### ACTIVITY
Make an exact copy of the entries, taking out every picture.
====== EXTRACTED INFORMATION ======
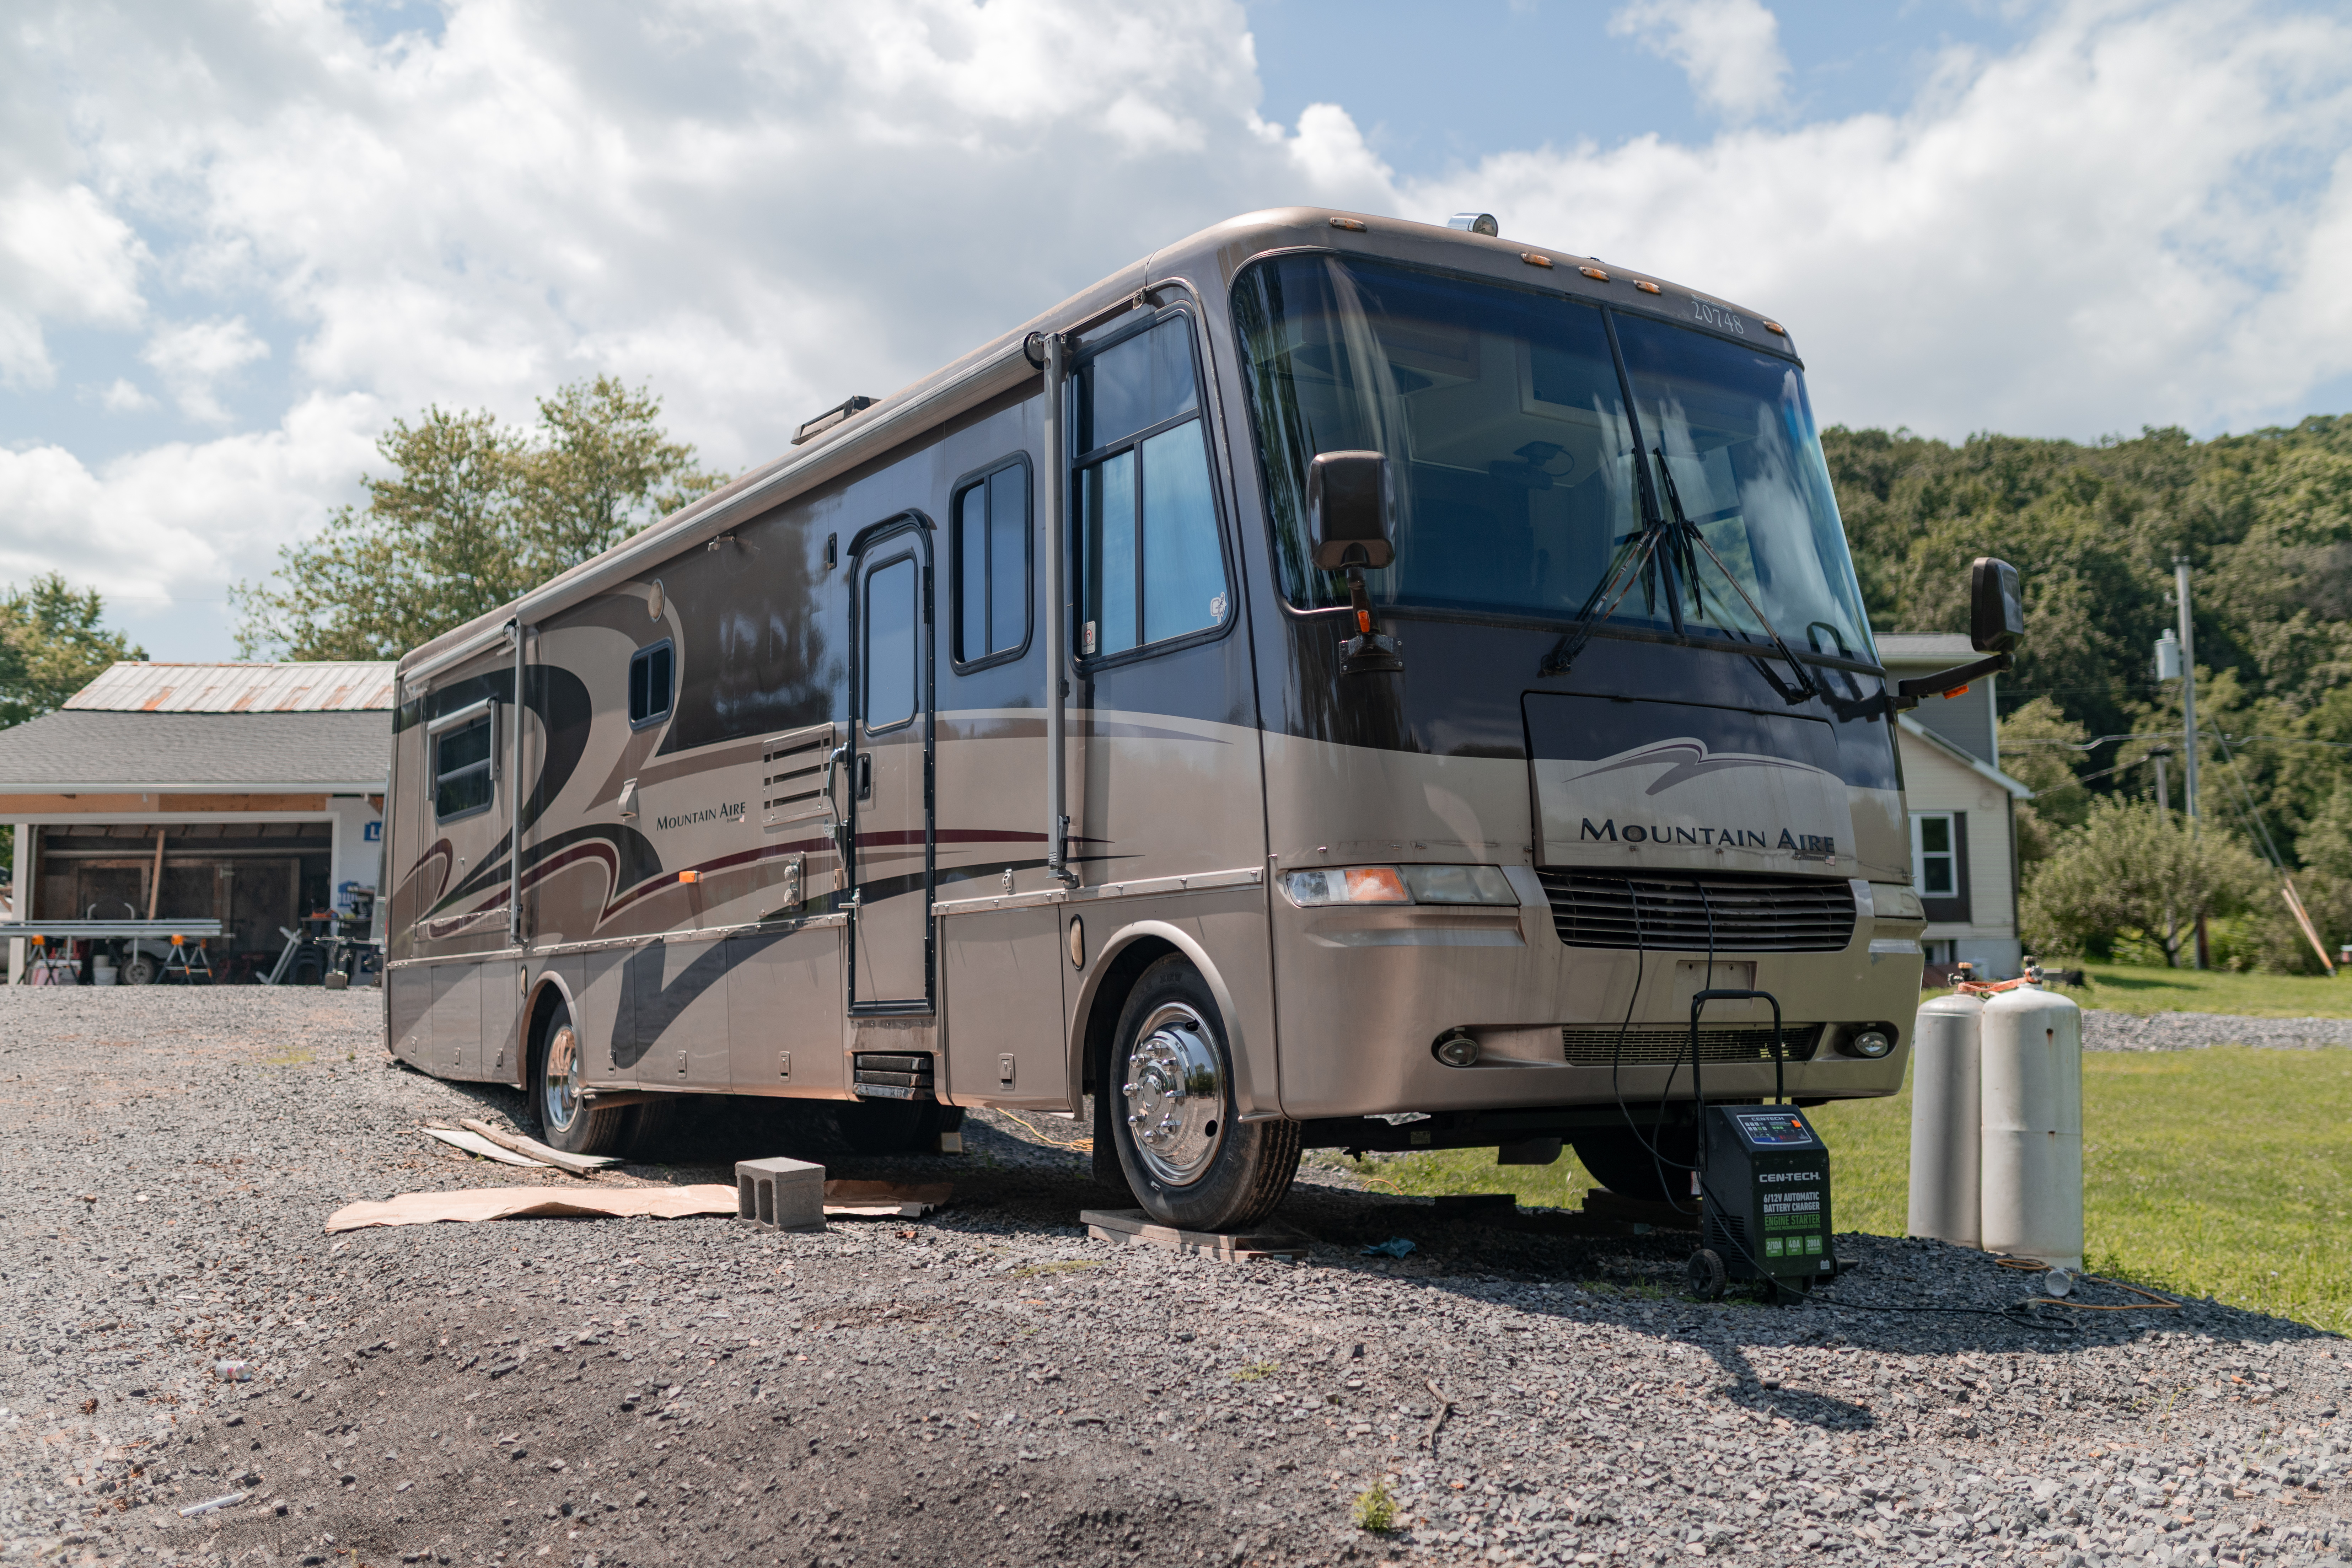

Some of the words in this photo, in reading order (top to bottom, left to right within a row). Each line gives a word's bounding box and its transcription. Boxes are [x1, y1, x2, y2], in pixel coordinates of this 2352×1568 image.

[1691, 301, 1744, 334] 20748
[657, 808, 716, 831] MOUNTAIN
[720, 802, 746, 818] AIRE
[1580, 818, 1766, 848] MOUNTAIN
[1777, 828, 1835, 853] AIRE
[1159, 972, 1182, 984] XRV
[1763, 1193, 1782, 1203] 6/12V
[1784, 1192, 1819, 1202] AUTOMATIC
[1763, 1203, 1790, 1213] BATTERY
[1792, 1202, 1820, 1211] CHARGER
[1765, 1215, 1789, 1226] ENGINE
[1791, 1214, 1820, 1225] STARTER
[1767, 1241, 1782, 1250] 2/10A
[1789, 1240, 1800, 1248] 40A
[1807, 1239, 1820, 1247] 200A
======
### ANSWER FOR THIS EXERCISE
Some of the words in this photo, in reading order (top to bottom, left to right within a row). Each line gives a word's bounding box and its transcription. Boxes are [x1, y1, x2, y2], in pixel coordinates of this 2352×1568 image.

[1691, 301, 1744, 334] 20748
[657, 808, 716, 831] MOUNTAIN
[720, 802, 746, 818] AIRE
[1580, 818, 1766, 848] MOUNTAIN
[1777, 828, 1835, 853] AIRE
[1159, 972, 1182, 984] XRV
[1763, 1193, 1782, 1203] 6/12V
[1784, 1192, 1819, 1202] AUTOMATIC
[1763, 1203, 1790, 1213] BATTERY
[1792, 1202, 1820, 1211] CHARGER
[1765, 1215, 1789, 1226] ENGINE
[1791, 1214, 1820, 1225] STARTER
[1767, 1241, 1782, 1250] 2/10A
[1789, 1240, 1800, 1248] 40A
[1807, 1239, 1820, 1247] 200A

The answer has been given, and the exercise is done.